Aos poucos, com os movimentos voltando ao corpo da doutora, a jovem ergueu-se e tentou como pode melhorar sua posição. Era estranho ver como seus corpos estavam ligados. Estranha era a sensação que tomava sua libido. Tudo contraditório, porque não estava achando conforto no que fazia; mas encontrava satisfação quase animal.
Ao mesmo tempo que achava desconfortável e bizarra aquela situação, orgulhava-se em merecer a confiança da mulher que a abrigava.
- Olhe para mim, Becky. Quero que seus olhos me guiem.
Rebecca só teve noção da sua própria excitação, quando a doutora expôs seus dedos brilhantes pela umidade retirada de dentro da jovem.
Sem rodeios, Luciana iniciou uma massagem rápida e forte contra seu próprio clit*ris. Rebecca olhava fascinada o que acontecia a sua frente: a cada espasmo pela fricção ritmada, a jovem sentia como se o corpo da médica fosse engoli-la. O corpo da morena subia descontroladamente fazendo os seios, cada vez mais enrijecidos, dispararem setas para os olhos verdes atentos.
- Becky...mova.....rápido...
A jovem pensou em perguntar como fazer.

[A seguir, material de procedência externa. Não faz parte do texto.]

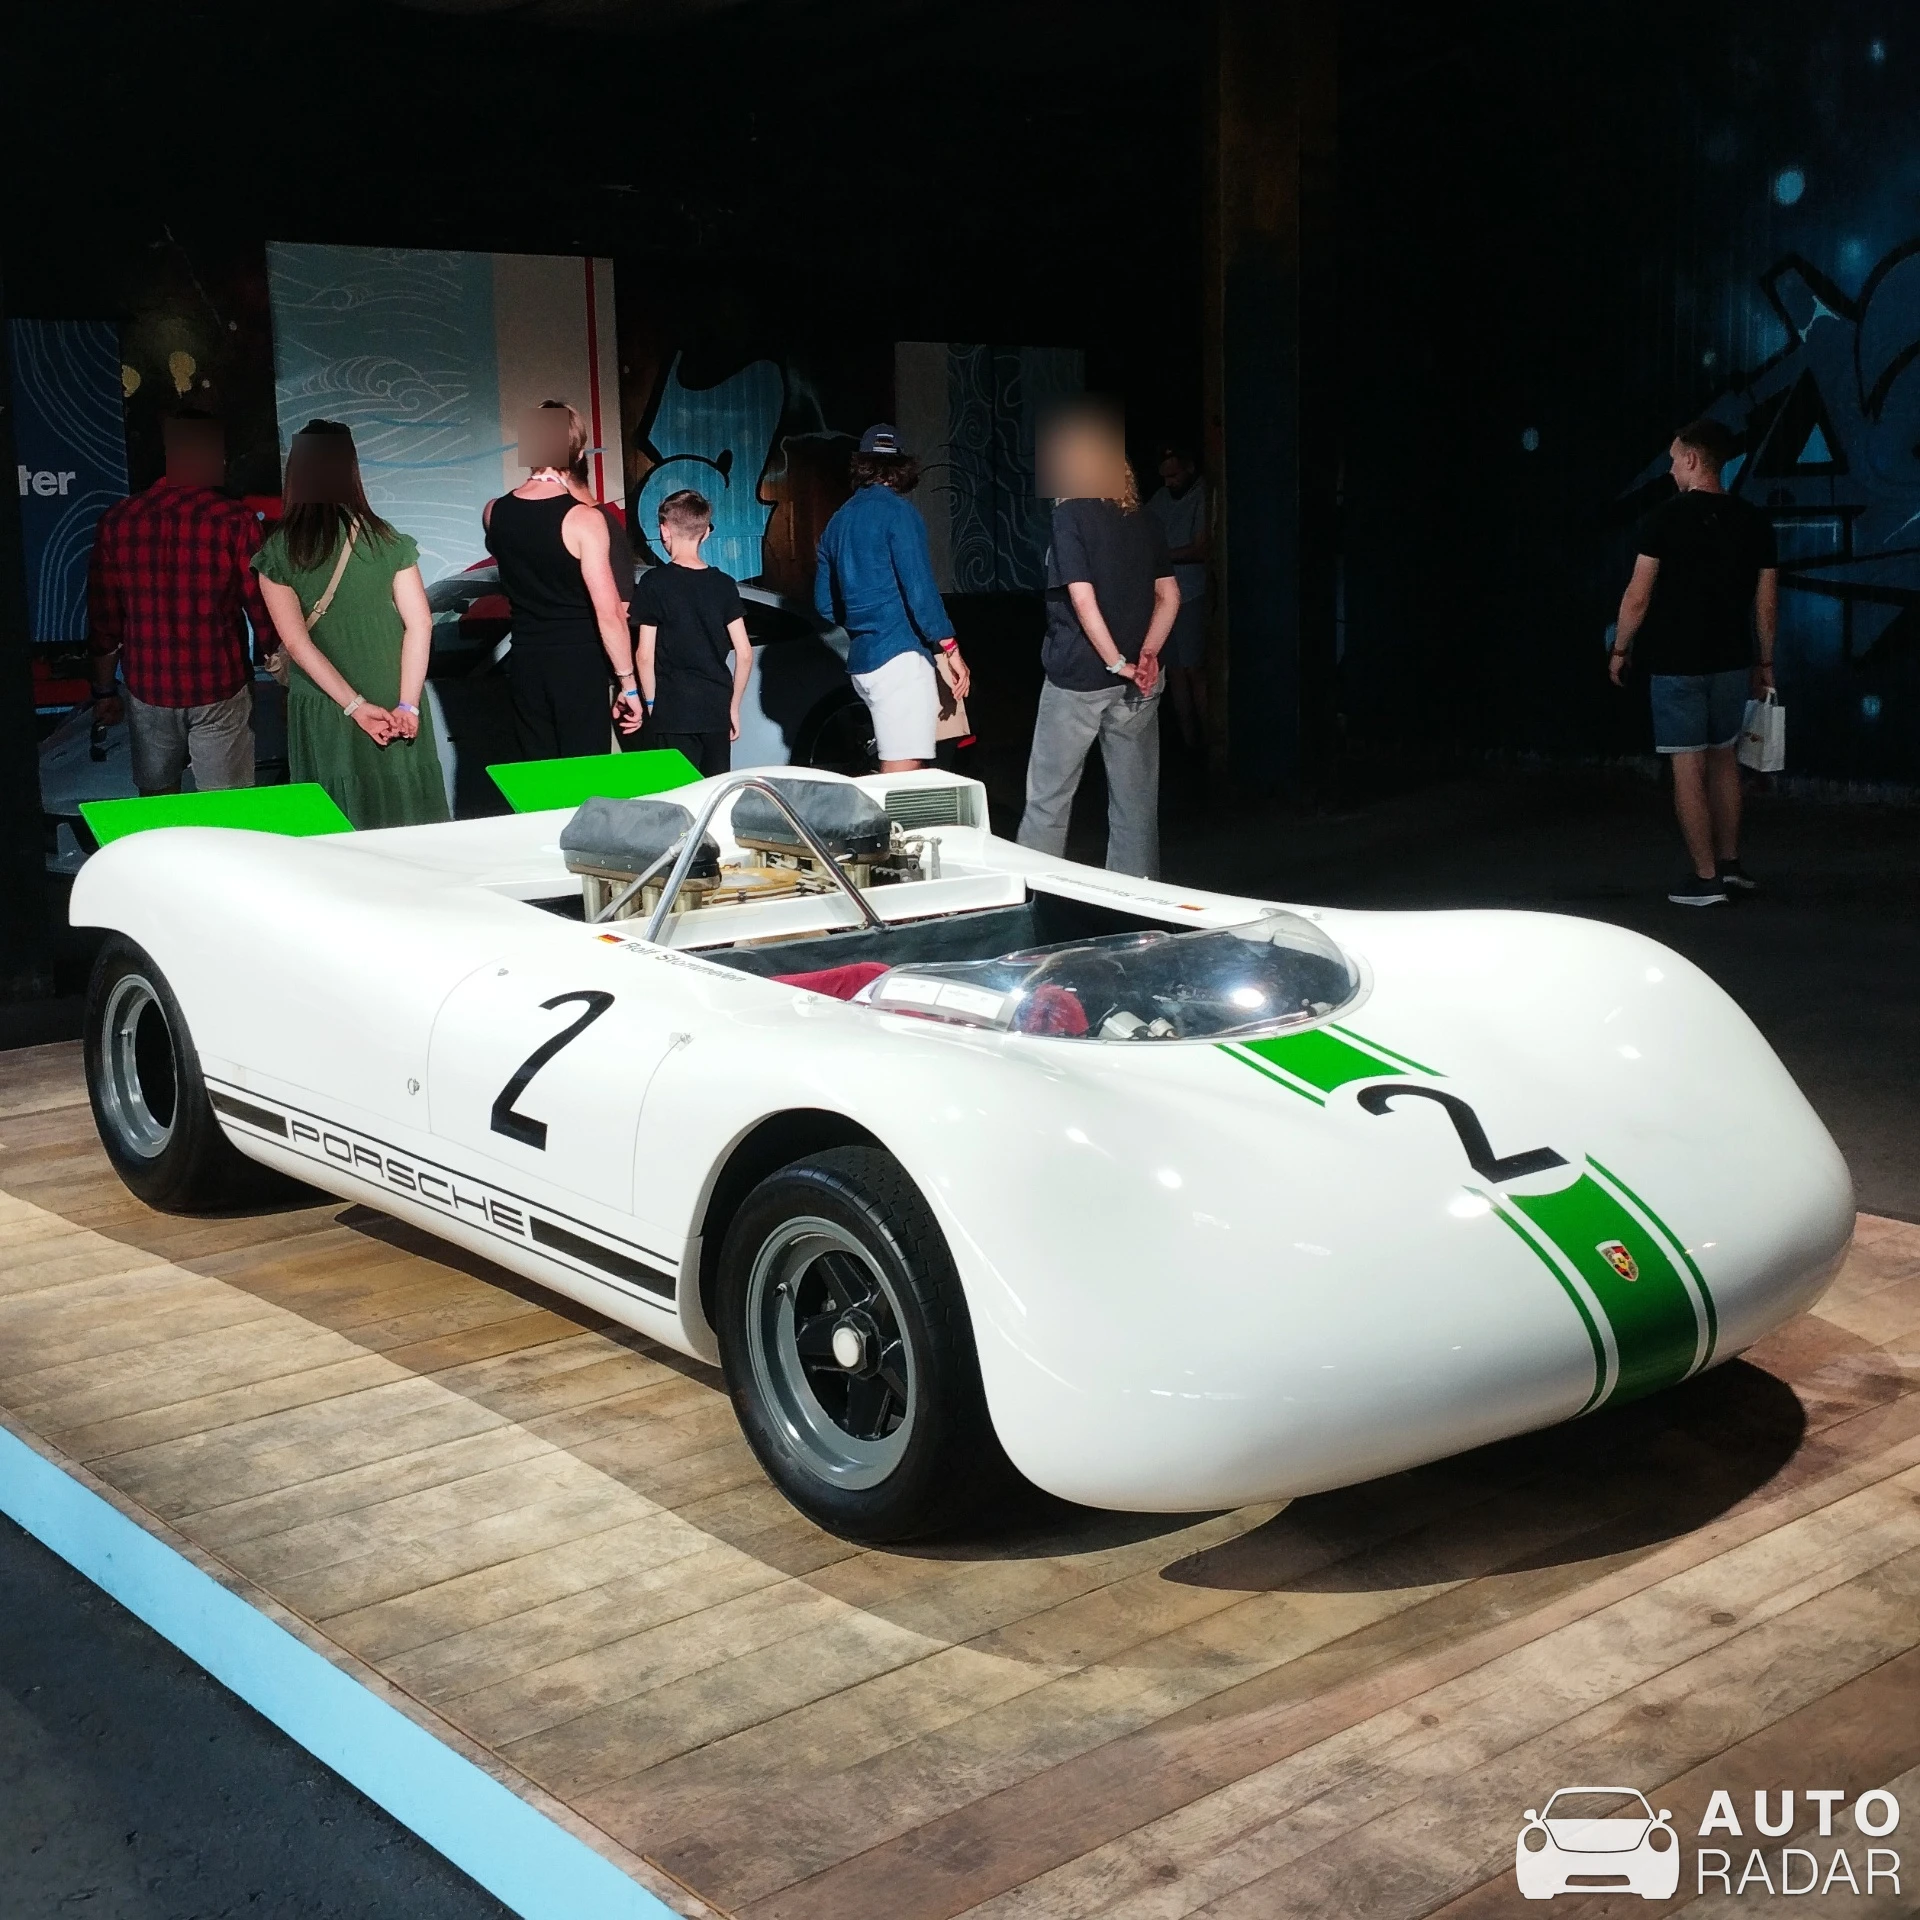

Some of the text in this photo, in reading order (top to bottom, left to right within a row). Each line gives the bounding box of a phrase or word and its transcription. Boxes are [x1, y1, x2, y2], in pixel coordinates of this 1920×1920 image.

Entretanto, ao sentir que sua mão estava adequadamente instalada, iniciou o movimento de vai e vem deixando-se levar pela excitação da cena na qual era expectadora e atriz ao mesmo tempo. Em poucos segundos, penetrava a vagin* querendo entrar dentro da sua mulher. Estava em estado hipnótico.
A médica forçava cada vez mais os movimentos da jovem, que não mais podia controlar a fúria da sua parceira. Cada vez mais sentia que a vagin* engolia sua mão; a umidade era algo novo. Sempre ouvira falar em ejaculação feminina; a lubrificação entre elas sempre fora abundante, mas naquele momento, sentia o liquido escorrendo fora da abertura, a cada estocada; sentia a carne escorregadia, a facilidade para sua mão mover-se e isto a estimulava a ser mais ousada, mais rápida, penetrar com vontade. Sentia-se, numa comparação grotesca, como um pilão.
Mantinha seu peso apoiado em um braço, enquanto a médica a segurava pelos ombros, firmemente presa. Suavam demasiadamente. Rebecca temia perder o equilíbrio e, da forma como estavam conectadas, causar algum ferimento interno. Entretanto, era impossível manter algum pensamento coerente diante de tamanha carga erótica e, de certa forma, a excitação crescente com a situação de submissão que a médica se colocara. Rebecca queria entender que sua mão estava em contato com o interior mais profundo de um outro corpo.
Tentando manter um certo equilíbrio, mas não podendo conter o desejo, Rebecca tocou levemente, com a língua, o bico rijo e quente do seio generoso. Foi um gesto simples, mas o suficiente para fazer sons desconexos preencherem o apartamento. A única palavra assimilada e dita claramente fora seu nome, dito e repetido como um mantra. Luciana ergueu-se, levando a jovem junto, tamanha a força do orgasmo. Ao deixar-se cair sobre a cama, puxou a jovem consigo, sobre seu peito, ainda mantendo-a fortemente entre seus braços. O corpo da médica tremia, ainda conectadas. Várias ondas sacudiram o corpo dela, embalando a jovem nos múltiplos orgasmos, molhando totalmente sua mão. A médica com certeza ejaculara.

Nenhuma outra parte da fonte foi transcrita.